Improved bulk analysis of records (to speed up processing)
Preview of the resolved multiple service returns before embedding (to overcome the problem of poor quality external data being selected or similar-sounding names of people and places being mistakenly chosen, or, for example, to preview and select the correct edition of a multi-edition printed publication)
The ability for archivists in the back end to refine and select only certain records for publication (necessary because some services only return dirty data or data strings, which are of little value to researchers)
Demarcation of front end presentation of Linked Data links from host catalogue data to minimise confusion as to the origin of the data source
The need for the archive profession to agree to the creation of a priority list of Linked Data services that would be useful for professionals and users, such as the NRA and specialist vocabularies.

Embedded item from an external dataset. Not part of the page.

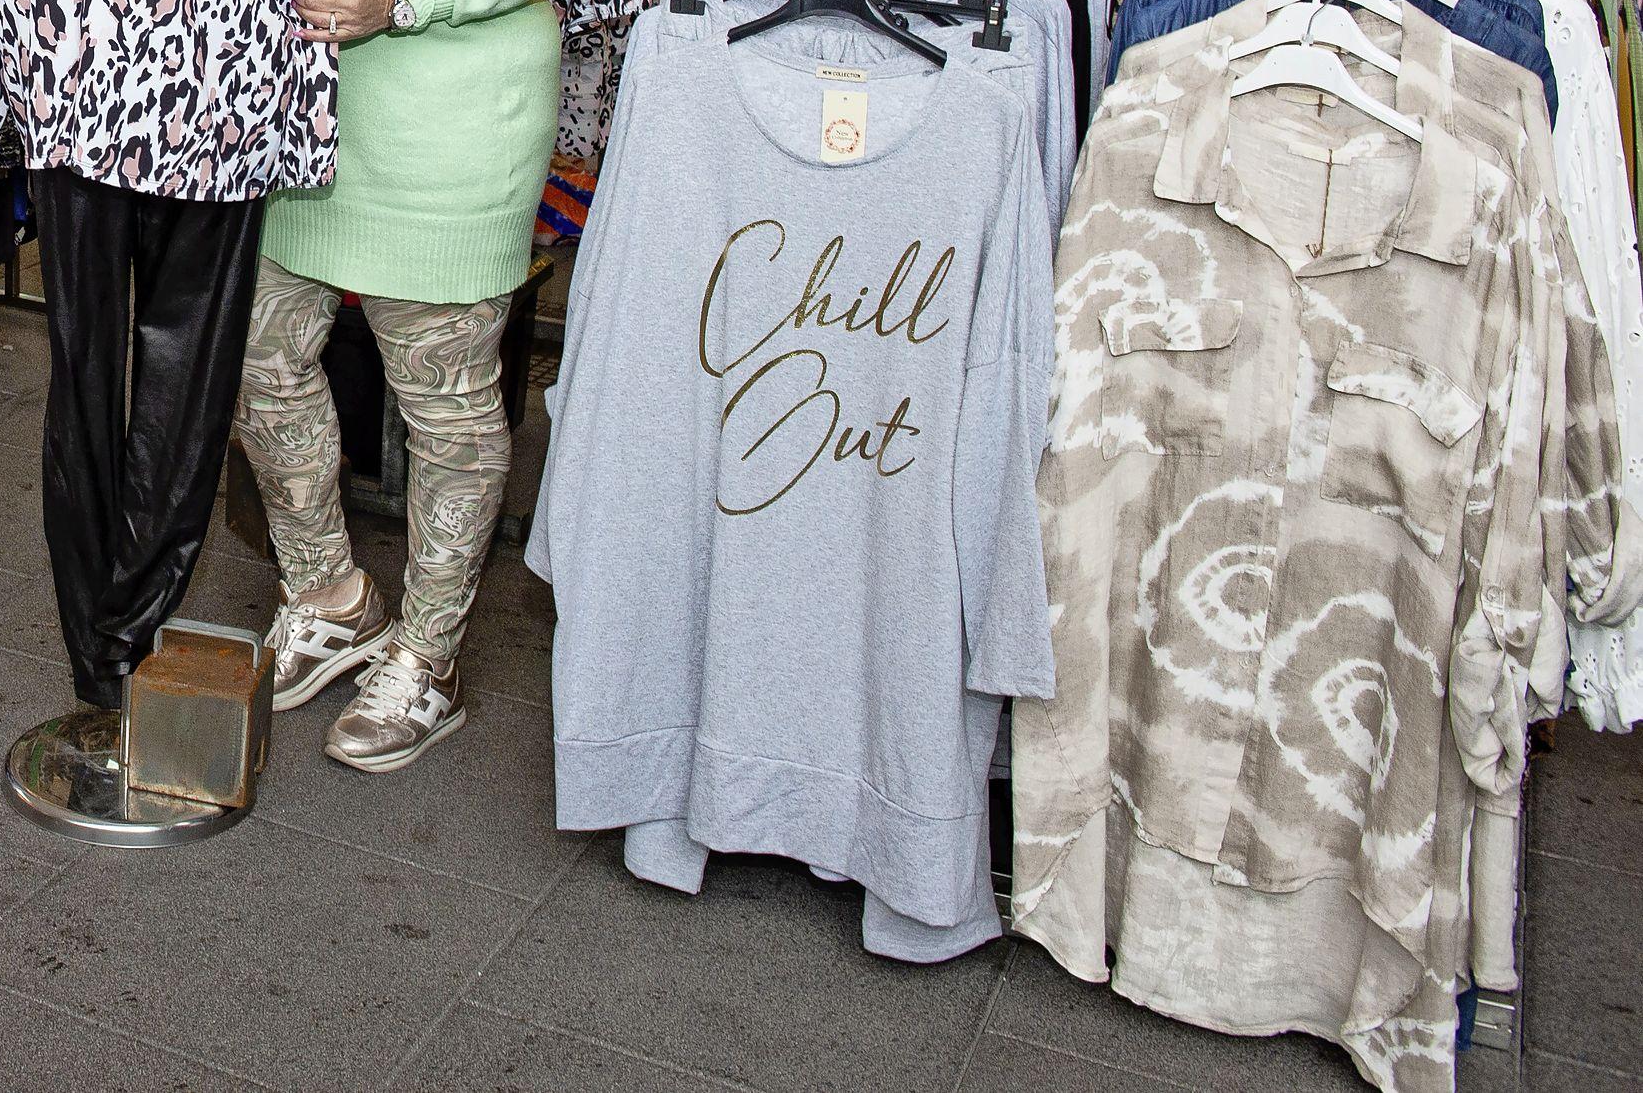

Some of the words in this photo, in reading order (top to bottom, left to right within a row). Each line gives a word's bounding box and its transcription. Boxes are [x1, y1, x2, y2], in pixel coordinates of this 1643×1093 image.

The focus group was followed by a meeting of the CALM User Group, at which CALM representatives outlined the release schedule.

Tuesday, 3 July 2012

User Interface and First Steps Toward Meshups

When we originally conceptualized how we might begin to automatically incorporate collections data into Historypin, we imagined having the ability to peer into the past and be able to reach into various collections nearby to pull out relevant information. Ultimately, this is still what we're working toward, but a number of complications prevent this from being feasible at the moment. But it's worth sharing some of our mockups for how we saw this working.

[Fig 1] This mockup shows the existing experience of historical photos overlaid in Street View on the Historypin site. We've added a "Dig Deeper" panel on the right which initiates a call to the Step change service based on the date and location.

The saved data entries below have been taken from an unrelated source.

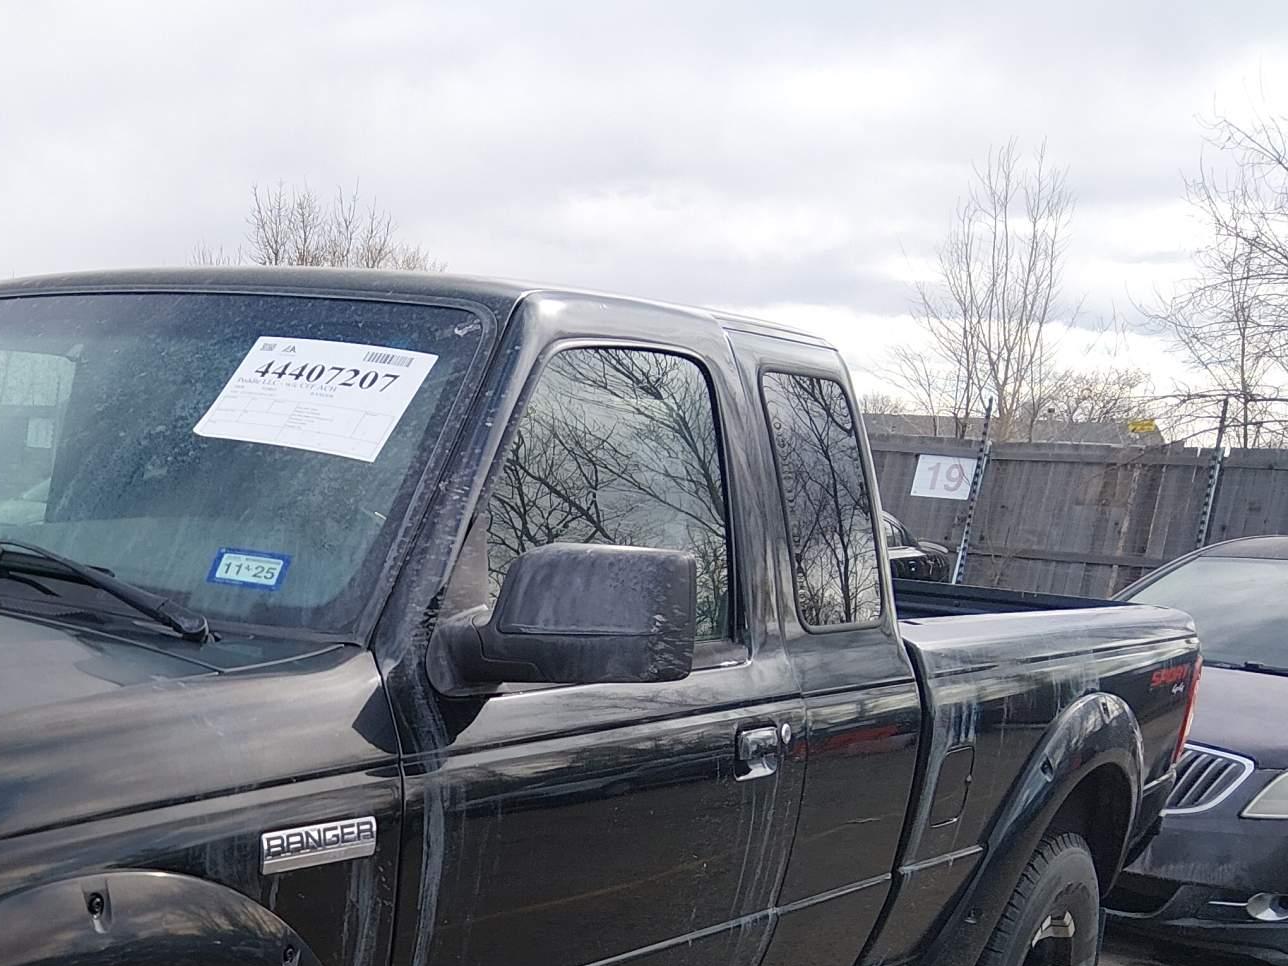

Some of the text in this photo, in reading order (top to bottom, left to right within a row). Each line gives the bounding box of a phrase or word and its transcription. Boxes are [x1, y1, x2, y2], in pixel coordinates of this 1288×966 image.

[254, 359, 400, 393] 44407207
[927, 462, 965, 492] 19
[252, 566, 277, 580] 25
[266, 821, 374, 857] RANGER
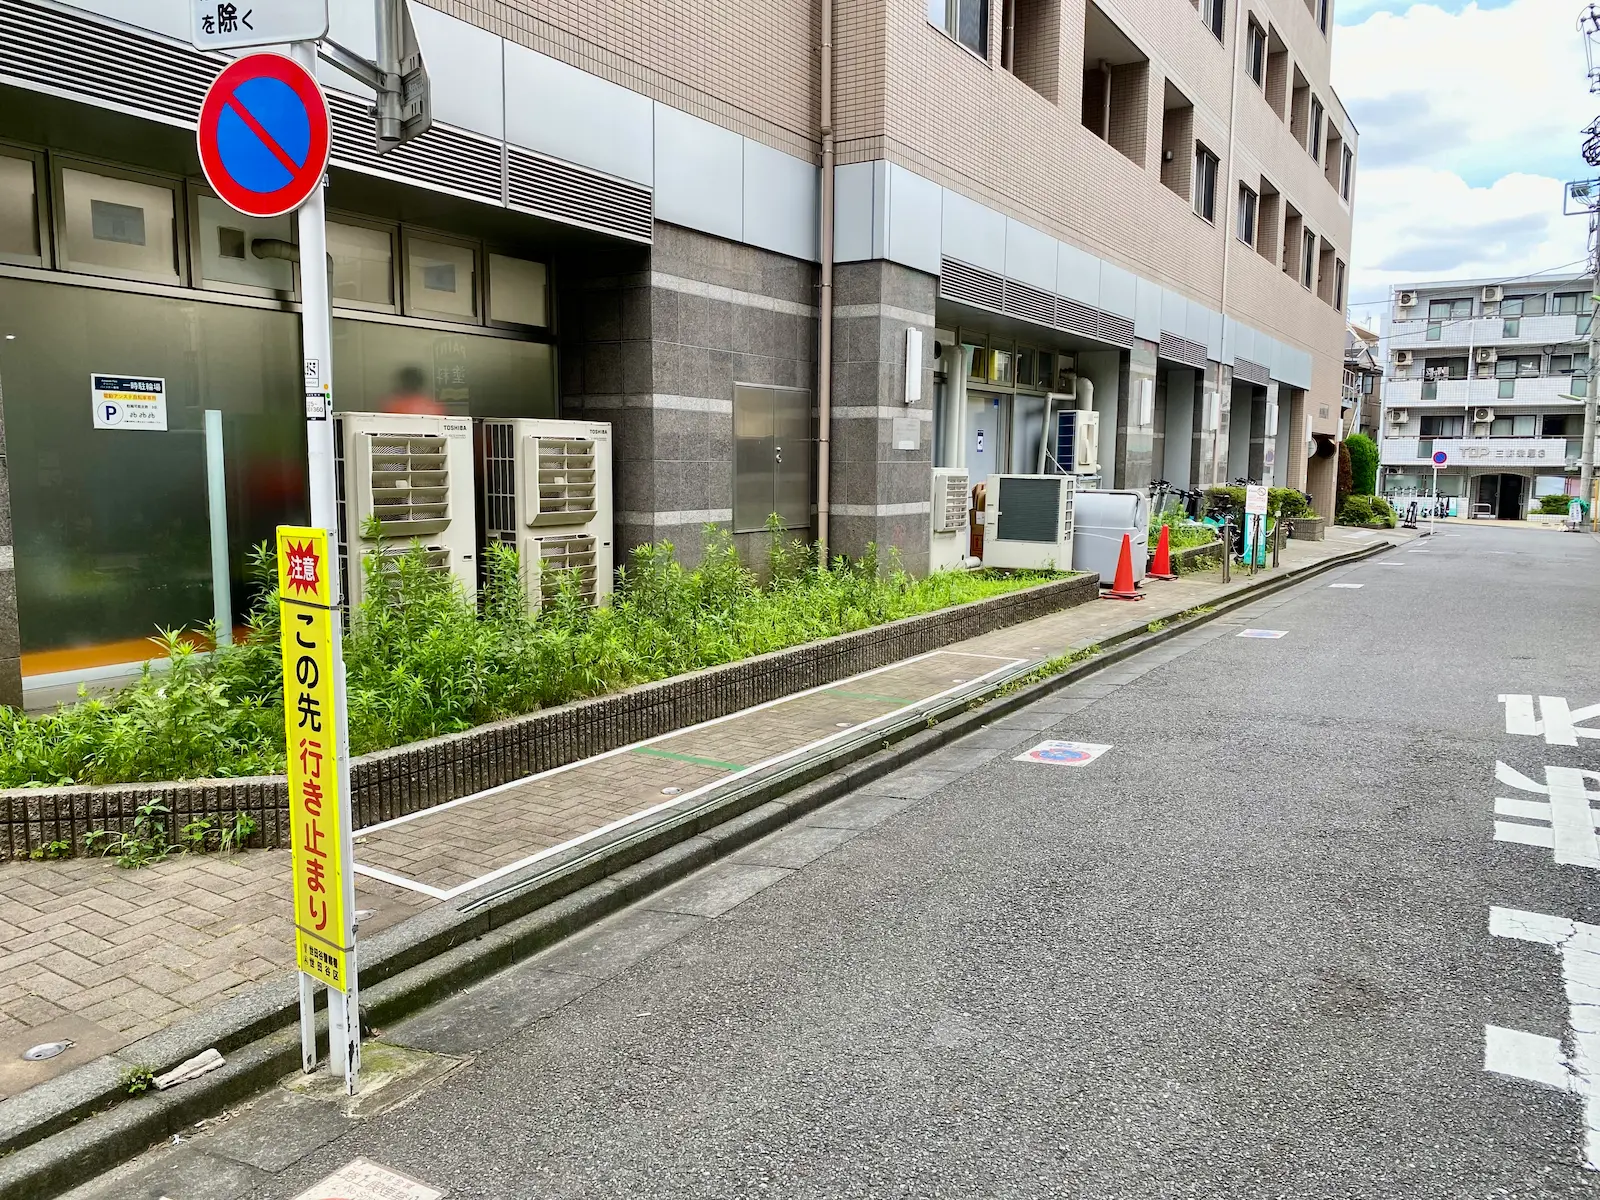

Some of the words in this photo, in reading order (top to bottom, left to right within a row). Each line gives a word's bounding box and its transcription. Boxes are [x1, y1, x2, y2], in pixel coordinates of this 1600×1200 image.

[202, 2, 254, 34] を除く
[105, 405, 117, 420] P
[1460, 446, 1490, 458] TOP
[290, 555, 316, 582] 注意

[Fig 2] This mockup shows the results of the query to the Step change service, including relevant AIM25 collections that may relate to the date and location referenced.

[Fig 3] Selecting one of the collections would return information more information about the collection, including the location of the collection and a link to the collection webpage.

There are a number of reasons why this execution is not quite practical yet, though it may be feasible in a future project. The primary complication here is the signal to noise ratio when in London, as so many of the collections within AIM25 are relevant to London, but the geographic specificity in the collection metadata is often not very detailed on the level of granularity that you get when in Street View. If we ask for relevant collections within a 1 mile radius of a specific latitude and longitude for instance, we may get back 2-300 collections with little clue as to why this collection is relevant to this location.

Another problem is what we've been calling the Needle In A Haystack problem, once you get away from London and into other parts of the world. While the AIM25 collections are largely in Greater London (sorry if I'm getting my terminology wrong--I'm an American!), there are many collections that are relevant to other parts of the world. Rory has done an amazing job parsing out locations from the collections metadata and using Geonames to resolve these locations. So we can now see that a particular collection may have relevance to locations in China for instance, which is one of the locations we've been testing with. Here, our problem is that we've got just one or two collections and they are geotagged for a small town where someone lived. So unless we set a really large bounding box, unless you happen to be in Street View in that town, you'd never learn about that collection, even though it has documents pertinent to many locations in China and Tibet.